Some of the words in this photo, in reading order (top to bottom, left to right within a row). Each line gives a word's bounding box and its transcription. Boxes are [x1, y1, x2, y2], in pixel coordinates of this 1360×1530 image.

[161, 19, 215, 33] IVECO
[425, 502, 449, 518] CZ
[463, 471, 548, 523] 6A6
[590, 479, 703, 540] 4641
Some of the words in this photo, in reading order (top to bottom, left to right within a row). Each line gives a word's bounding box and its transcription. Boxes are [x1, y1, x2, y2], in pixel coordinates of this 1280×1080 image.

○ ○ ○ ○ ○ ○ ○

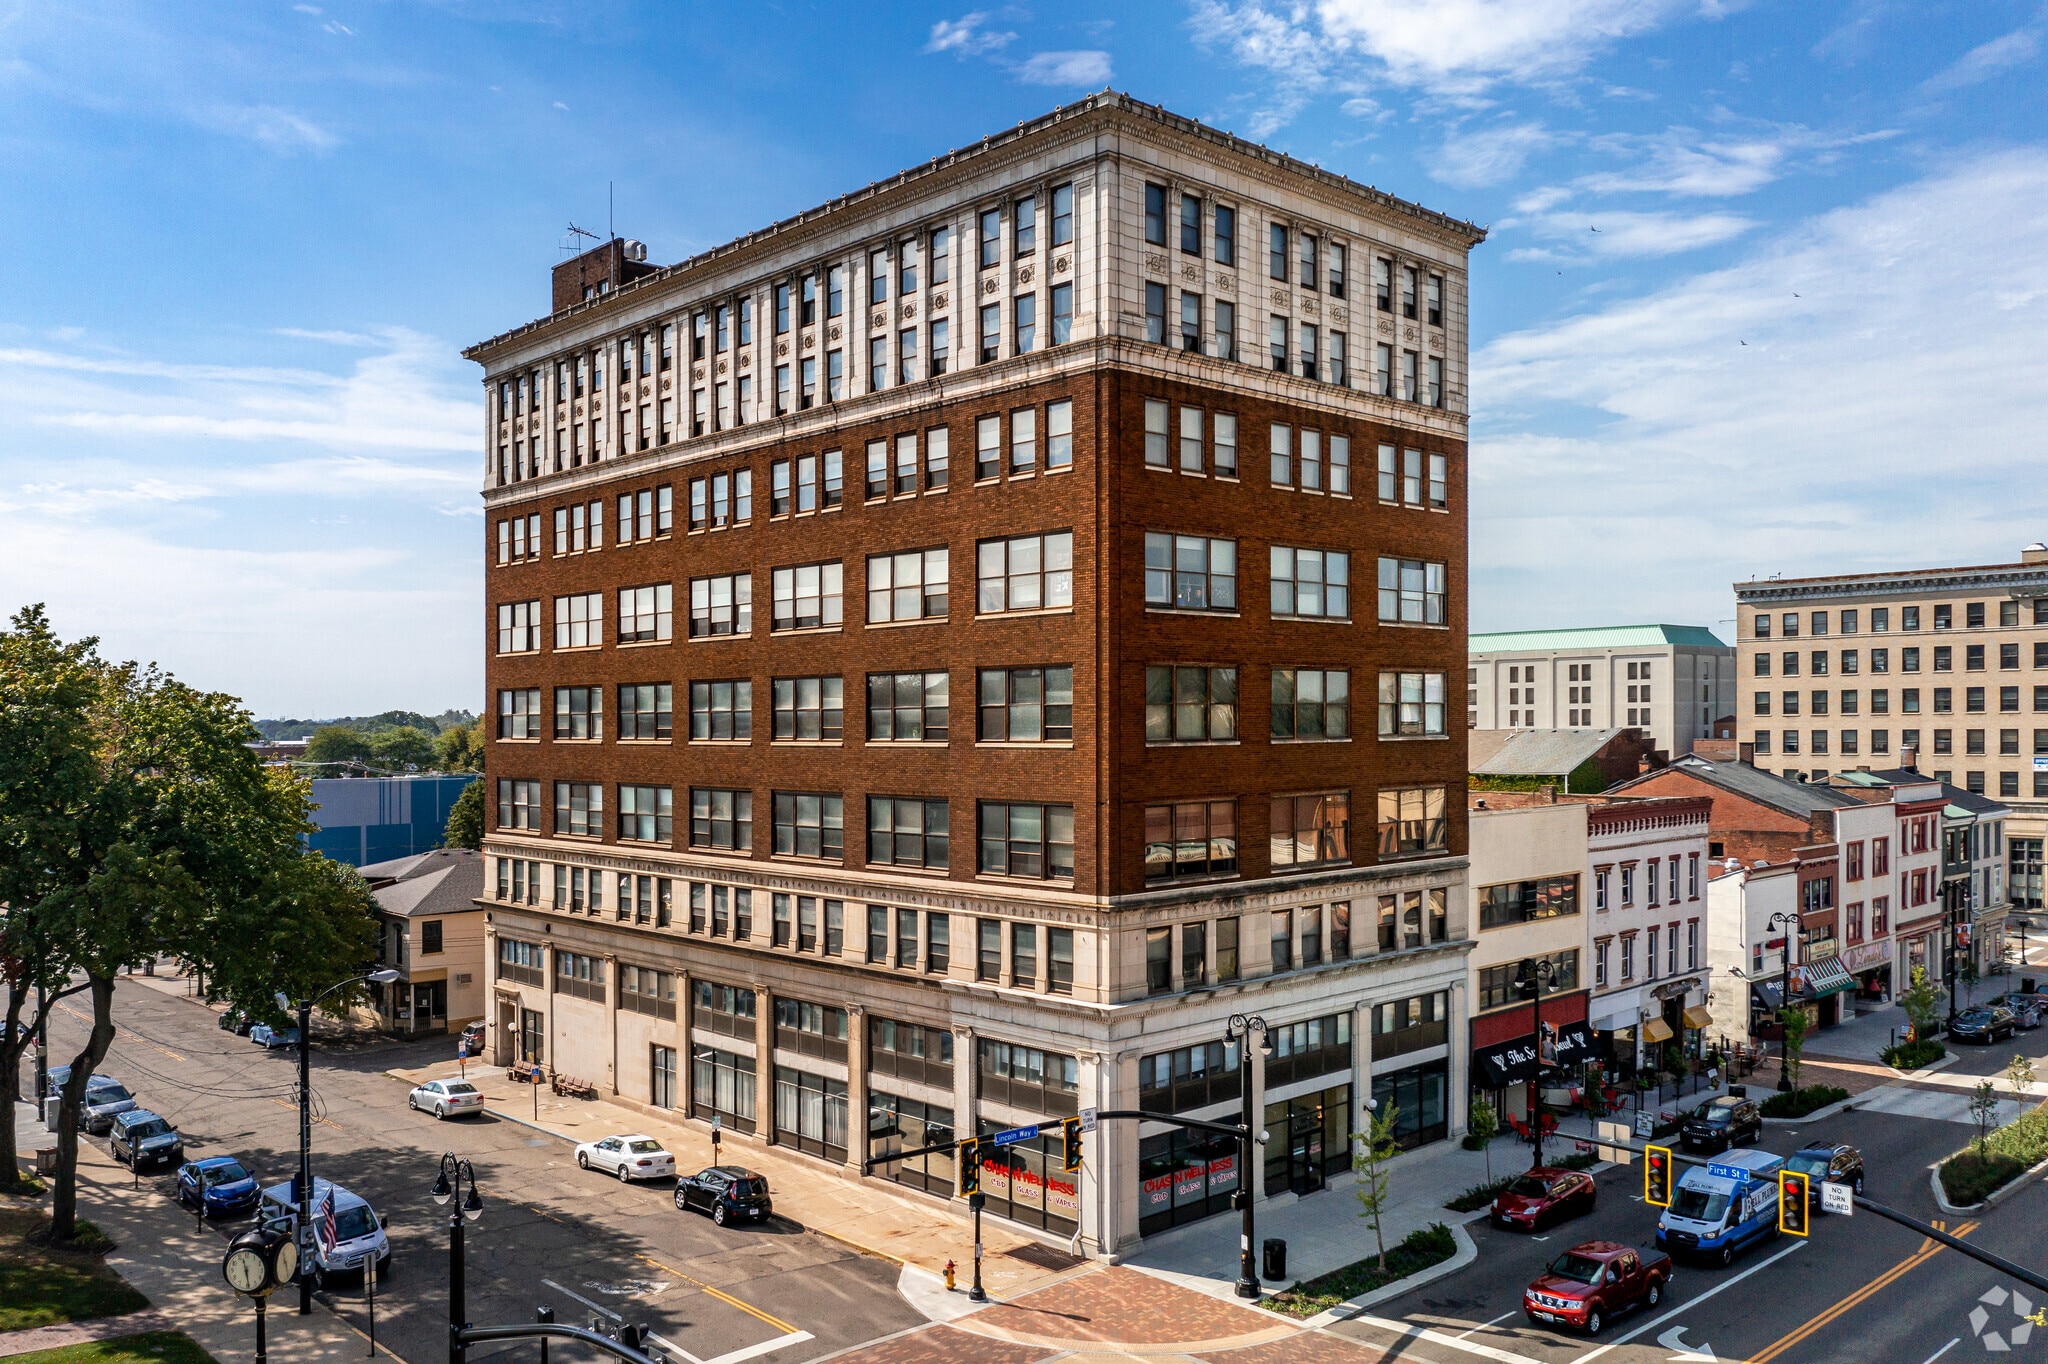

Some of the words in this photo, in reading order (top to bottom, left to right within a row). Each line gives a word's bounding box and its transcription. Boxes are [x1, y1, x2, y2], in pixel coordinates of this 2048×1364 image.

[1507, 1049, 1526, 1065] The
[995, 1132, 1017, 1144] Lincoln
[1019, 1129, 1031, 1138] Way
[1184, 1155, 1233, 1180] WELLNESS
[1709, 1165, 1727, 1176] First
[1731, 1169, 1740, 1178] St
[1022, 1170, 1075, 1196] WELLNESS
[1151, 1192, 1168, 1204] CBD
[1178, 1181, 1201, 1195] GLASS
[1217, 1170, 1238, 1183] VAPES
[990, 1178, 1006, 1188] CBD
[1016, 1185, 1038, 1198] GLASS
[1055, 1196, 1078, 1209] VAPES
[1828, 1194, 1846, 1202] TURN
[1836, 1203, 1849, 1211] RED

○ ○ ○ ○ ○ ○ ○

**ASSIGNMENT:** Could you repeat exactly the lines above from the line with "this 1360×1530 image." up to and including the line with "this 1280×1080 image.", and only those?

**OUTPUT FOR THIS EXERCISE:**
Some of the words in this photo, in reading order (top to bottom, left to right within a row). Each line gives a word's bounding box and its transcription. Boxes are [x1, y1, x2, y2], in pixel coordinates of this 1360×1530 image.

[161, 19, 215, 33] IVECO
[425, 502, 449, 518] CZ
[463, 471, 548, 523] 6A6
[590, 479, 703, 540] 4641
Some of the words in this photo, in reading order (top to bottom, left to right within a row). Each line gives a word's bounding box and its transcription. Boxes are [x1, y1, x2, y2], in pixel coordinates of this 1280×1080 image.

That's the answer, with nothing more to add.